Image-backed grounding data
####################

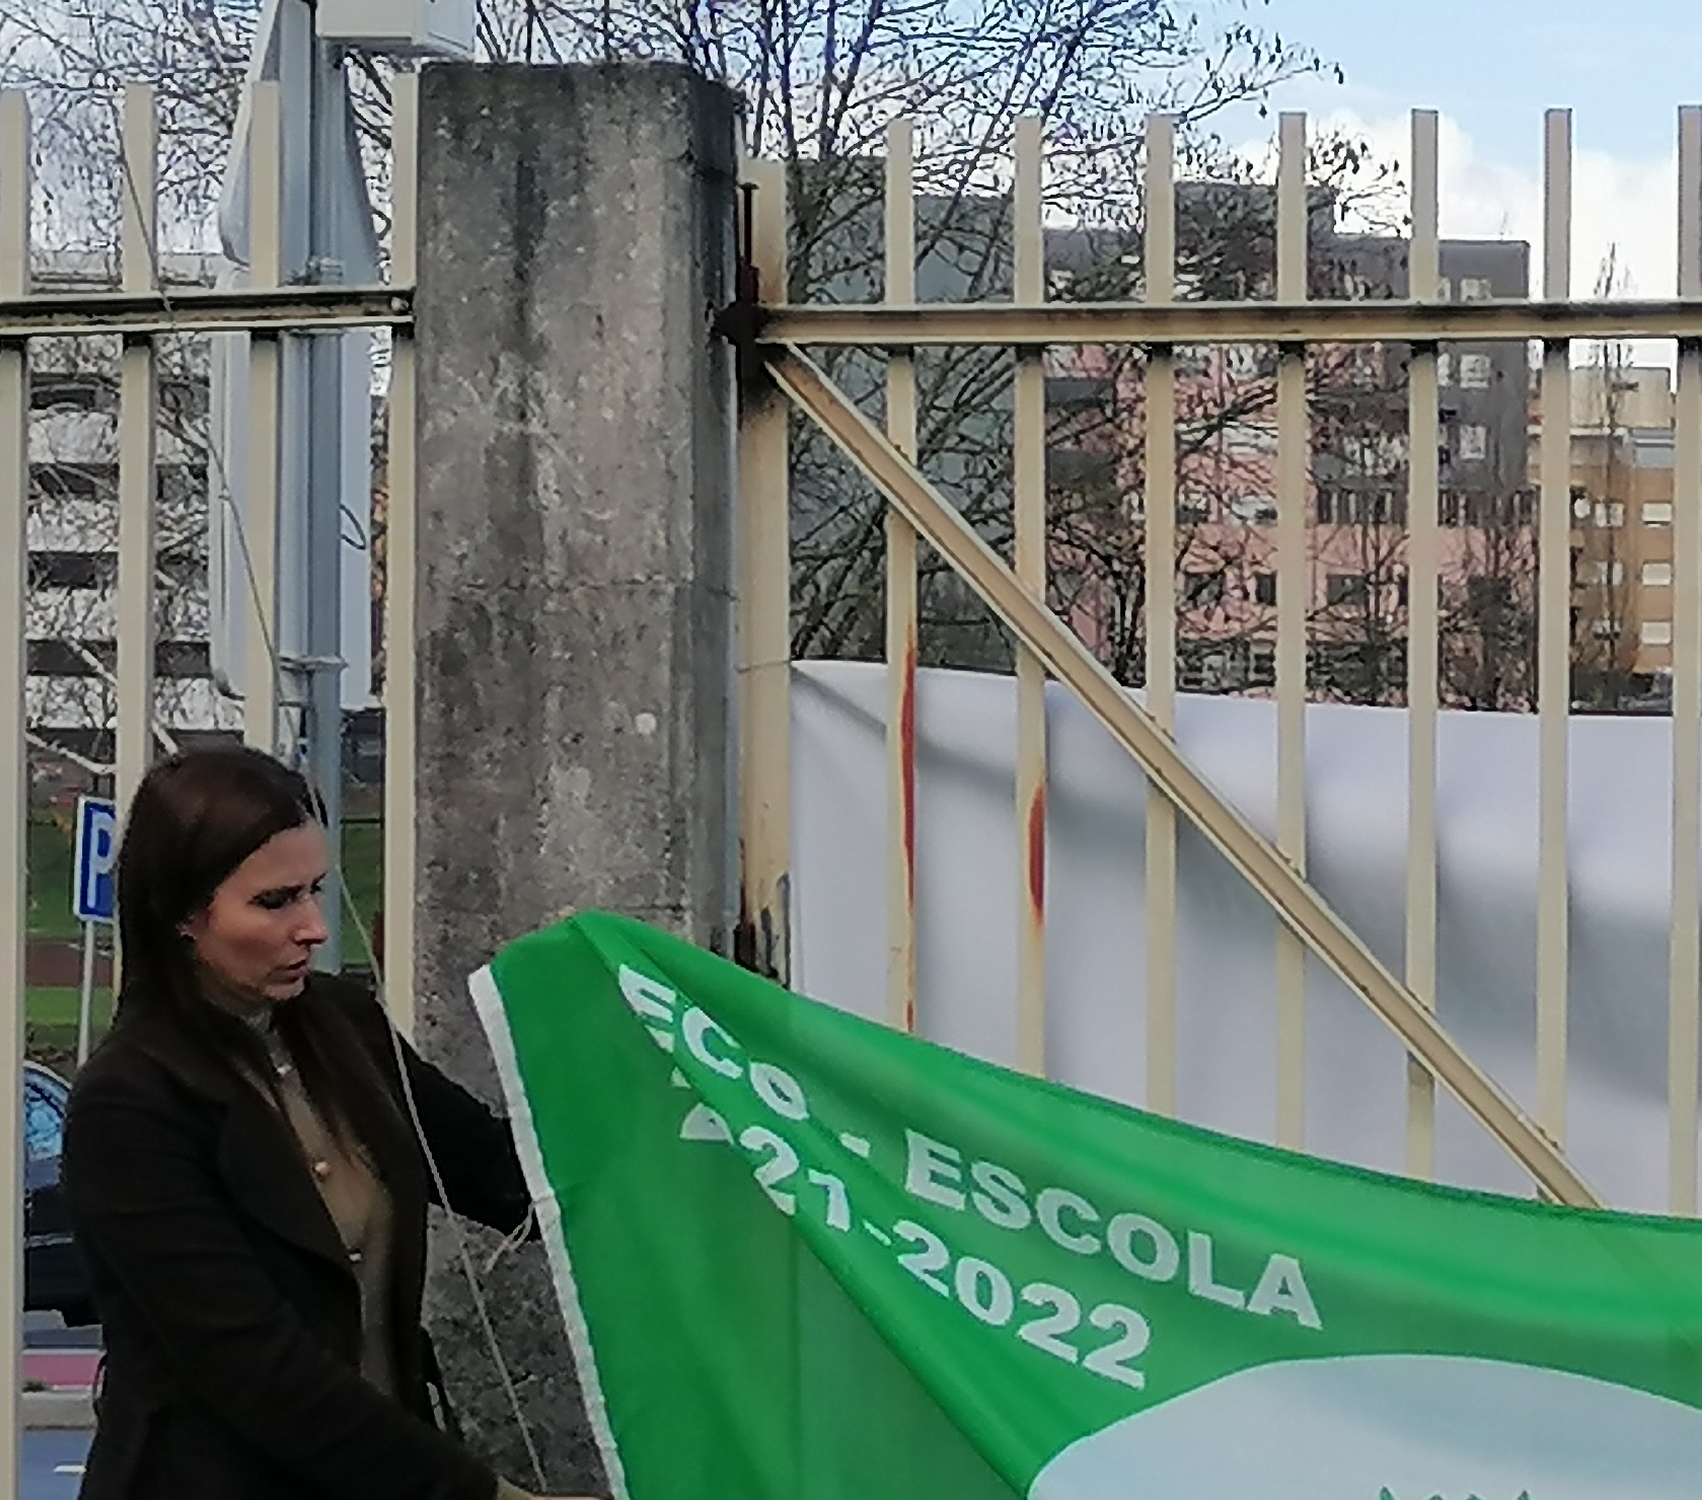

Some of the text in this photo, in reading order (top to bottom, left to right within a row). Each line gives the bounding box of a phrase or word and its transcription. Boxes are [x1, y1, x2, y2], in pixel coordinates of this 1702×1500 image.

[88, 807, 116, 908] P
[619, 963, 809, 1121] ECO
[906, 1130, 1322, 1330] ESCOLA
[672, 1067, 1151, 1390] 21-2022

####################

### How to complete this task
Without the pictures, set down every entry exactly.

### Task answer
Some of the text in this photo, in reading order (top to bottom, left to right within a row). Each line gives the bounding box of a phrase or word and its transcription. Boxes are [x1, y1, x2, y2], in pixel coordinates of this 1702×1500 image.

[88, 807, 116, 908] P
[619, 963, 809, 1121] ECO
[906, 1130, 1322, 1330] ESCOLA
[672, 1067, 1151, 1390] 21-2022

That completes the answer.